When I was married, I was fully on a conveyer belt to what I thought was the life I wanted, or the life I was supposed to have. Once the marriage was over, and I embraced my freedom, I spent a lot of time rediscovering myself and life became something utterly different.
Popular advice I heard pre-divorce, by many friends and loved ones sounded something like this:
- “Be sure to take good care of yourself”
- “Be patient with yourself” and
- “Give yourself time to process and mourn the loss of this part of your life.”
And, honestly, I have been good and patient and selfish when I can. Sometimes life allows for it, and other times it is not an option. On my more trying days, I find myself saying: “I need a clone. I need two of me.” Well, be careful what you wish for, Ang! Because, in reality, there are, in fact, two of me: there’s “mommy” and there’s “me” — and neither would survive without the other.

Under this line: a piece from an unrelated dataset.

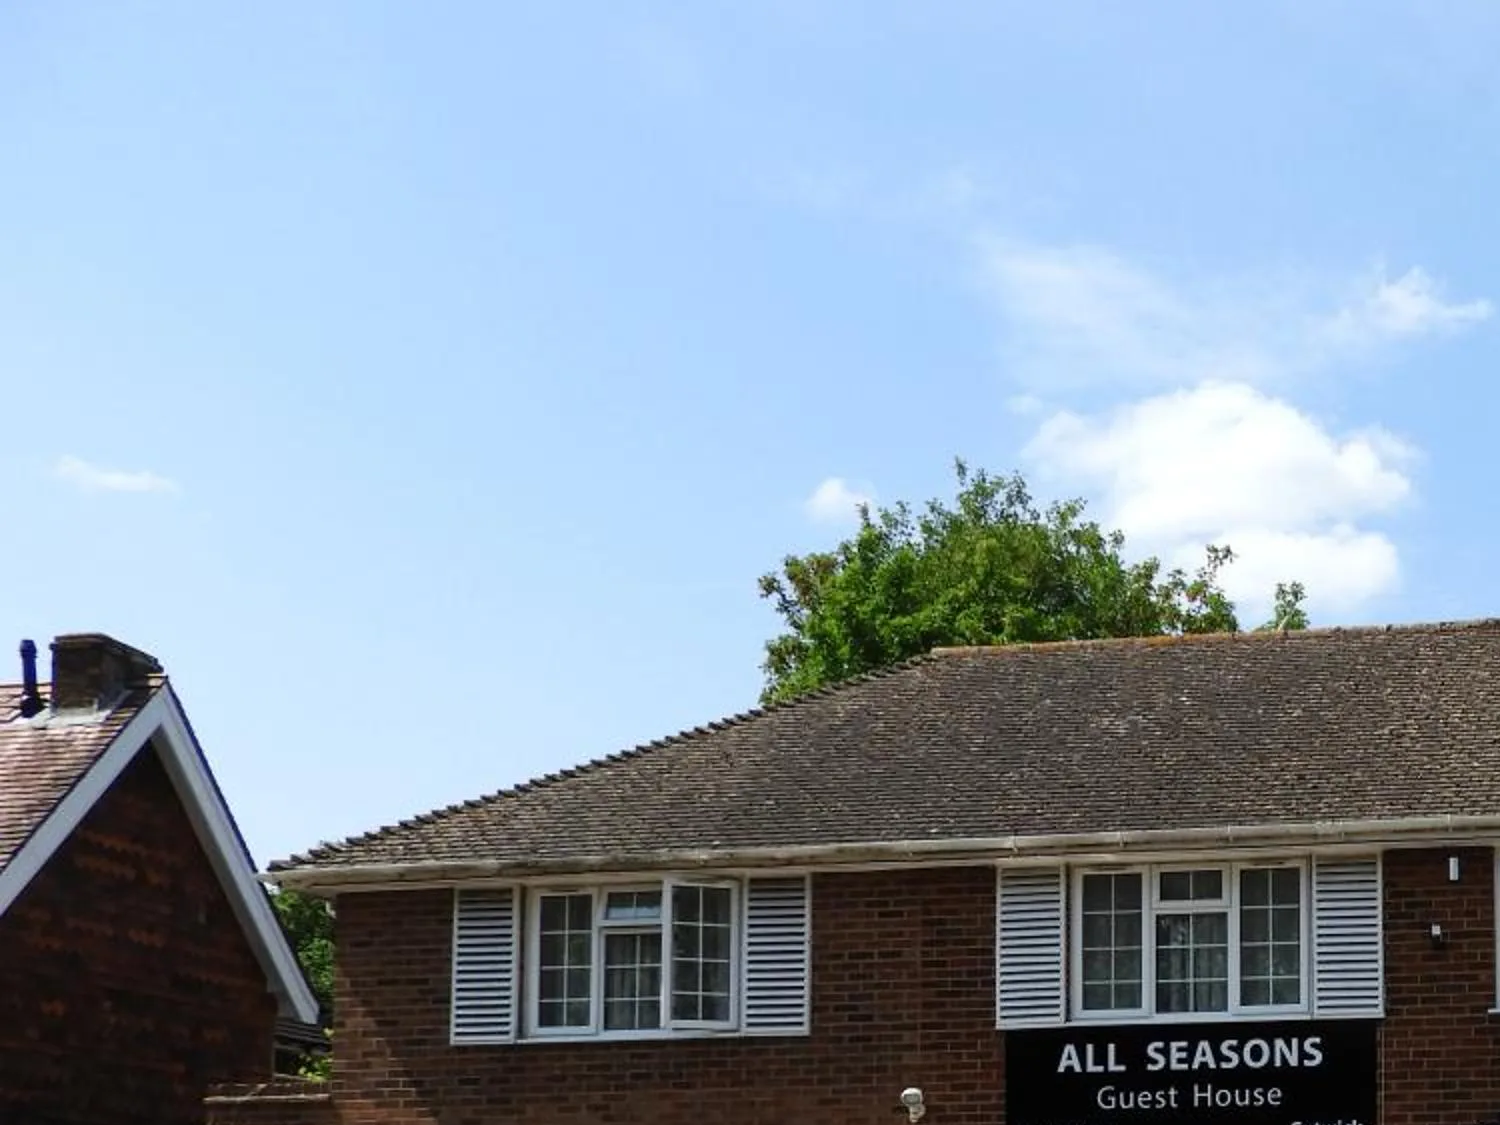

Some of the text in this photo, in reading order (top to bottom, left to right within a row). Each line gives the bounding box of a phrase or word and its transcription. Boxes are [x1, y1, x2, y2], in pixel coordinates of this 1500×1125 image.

So, my home life is a bit hectic as a single mommy. Mornings are sheer chaos prepping both my kids for school and myself for work. But, once I kiss those soft little faces and send them on their way, I transition to “me” for the day. I walk to town, grab a coffee at Starbucks and hop on the train to the city — it’s as if I am embarking on a new adventure every day. And you know what? It never gets old. It gets cold (like really snowy, slushy and freezing in the winter!!), but it never gets old. I love my time as “me.”
Heading to work makes “me” feel alive, connected and purposeful in a very self-serving way.
While doing “mommy” work yields an entirely different feeling of purpose, and is less self-serving and more in service in of my children. Taking care of them fuels my heart and my gratitude for the gift that they are.
Being a mommy is a celebration of strength.
Being me is a source of empowerment.
Pursuing my career inspires “me” as an individual — the woman that’s exists when I am not “so-and-so’s mom.”
And, just as I love being a mommy, I equally LOVE me.
That girl is determined. Less inhibited. A bold thinker. She opens her mouth to speak up more than she ever has and I am so grateful for her presence.
She is fire on the dullest days and she keeps “mommy” happy and energetic and full of optimism. With her, life is vibrant, without her… well, let’s hope that no matter what life brings, I never have to be without her again.